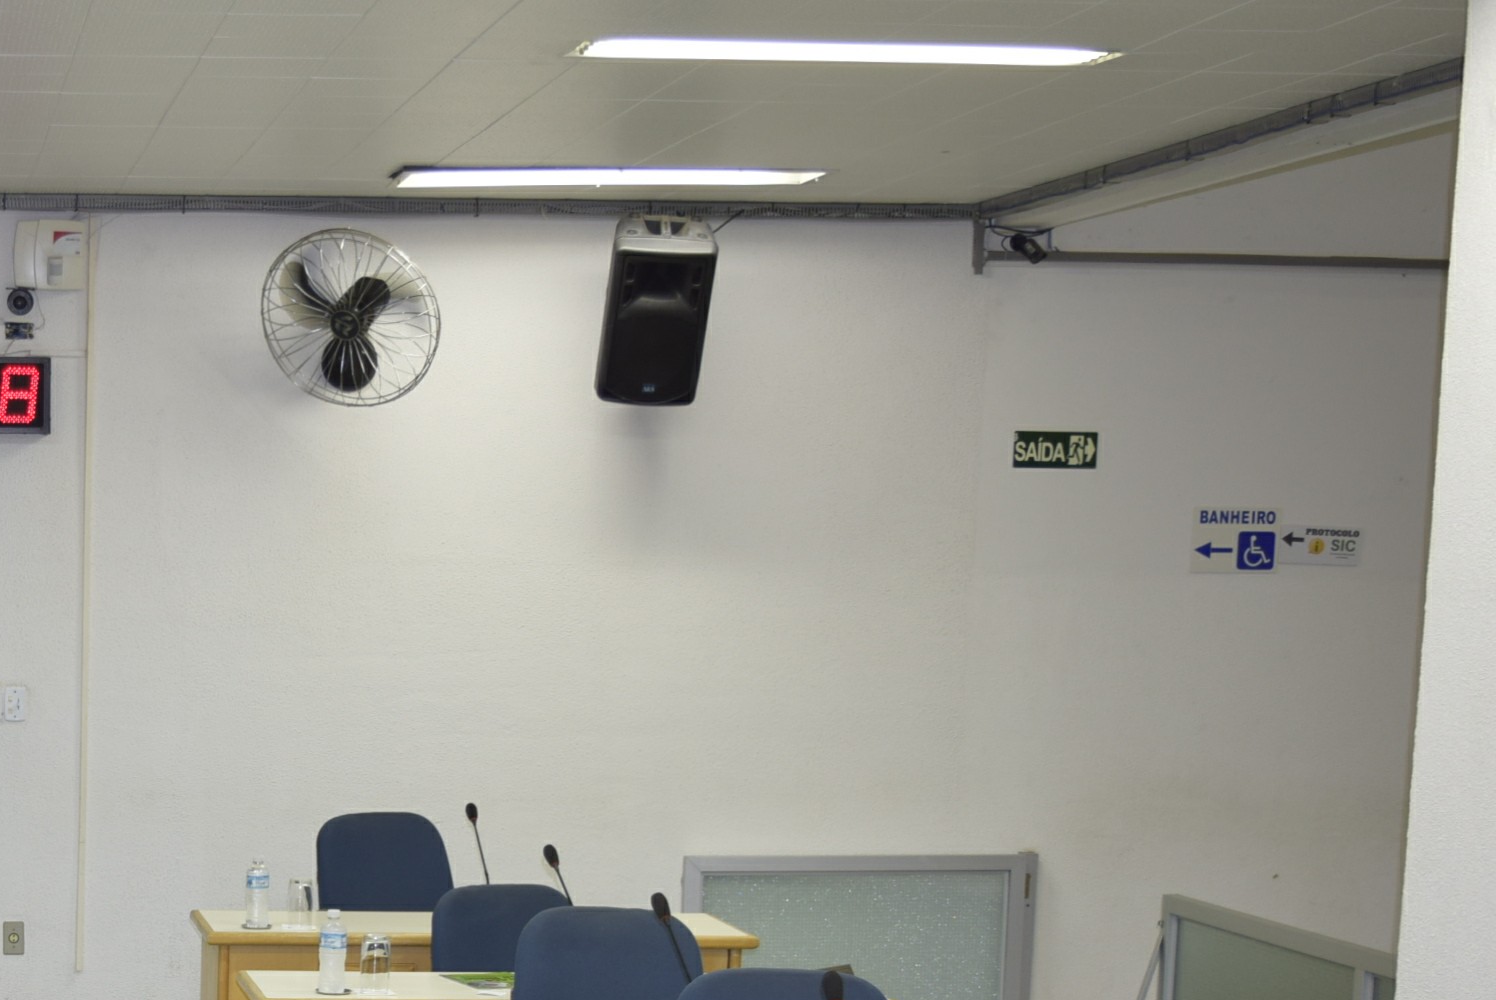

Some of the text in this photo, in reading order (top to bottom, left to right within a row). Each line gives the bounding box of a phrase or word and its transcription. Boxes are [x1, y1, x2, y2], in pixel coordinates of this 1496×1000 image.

[1014, 439, 1066, 462] SAÍDA
[1199, 510, 1276, 525] BANHEIRO
[1306, 528, 1360, 538] PROTOCOLO
[1330, 539, 1356, 553] SIC
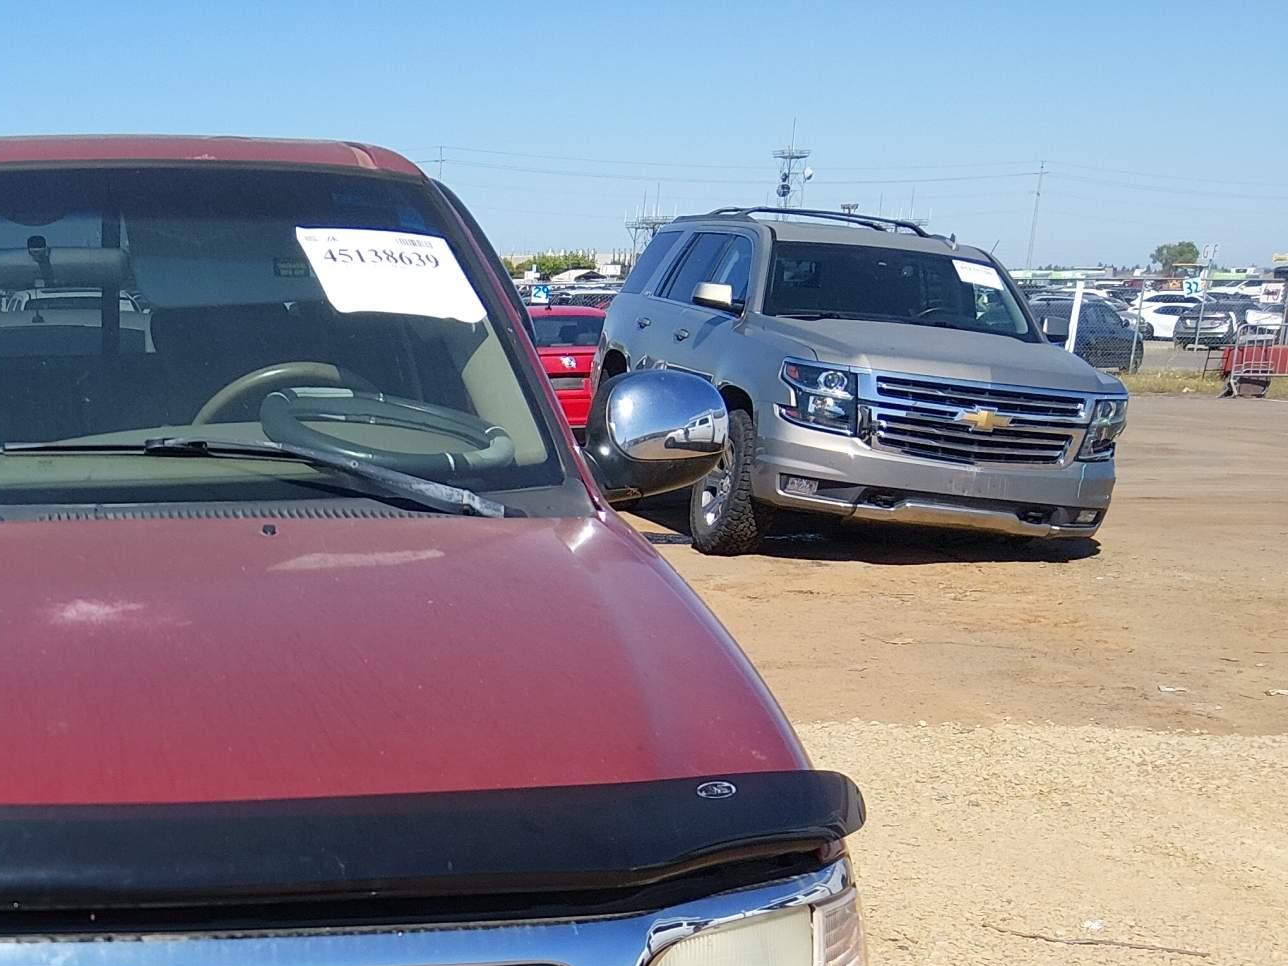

• • • • •

• _YOUR ASSIGNMENT_
Write out the entries above word for word. Do not include the pictures.

• _EXERCISE RESULT_
Some of the text in this photo, in reading order (top to bottom, left to right within a row). Each line gives the bounding box of a phrase or word and its transcription. Boxes are [x1, y1, x2, y2], in pixel coordinates of this 1496×1000 image.

[1014, 439, 1066, 462] SAÍDA
[1199, 510, 1276, 525] BANHEIRO
[1306, 528, 1360, 538] PROTOCOLO
[1330, 539, 1356, 553] SIC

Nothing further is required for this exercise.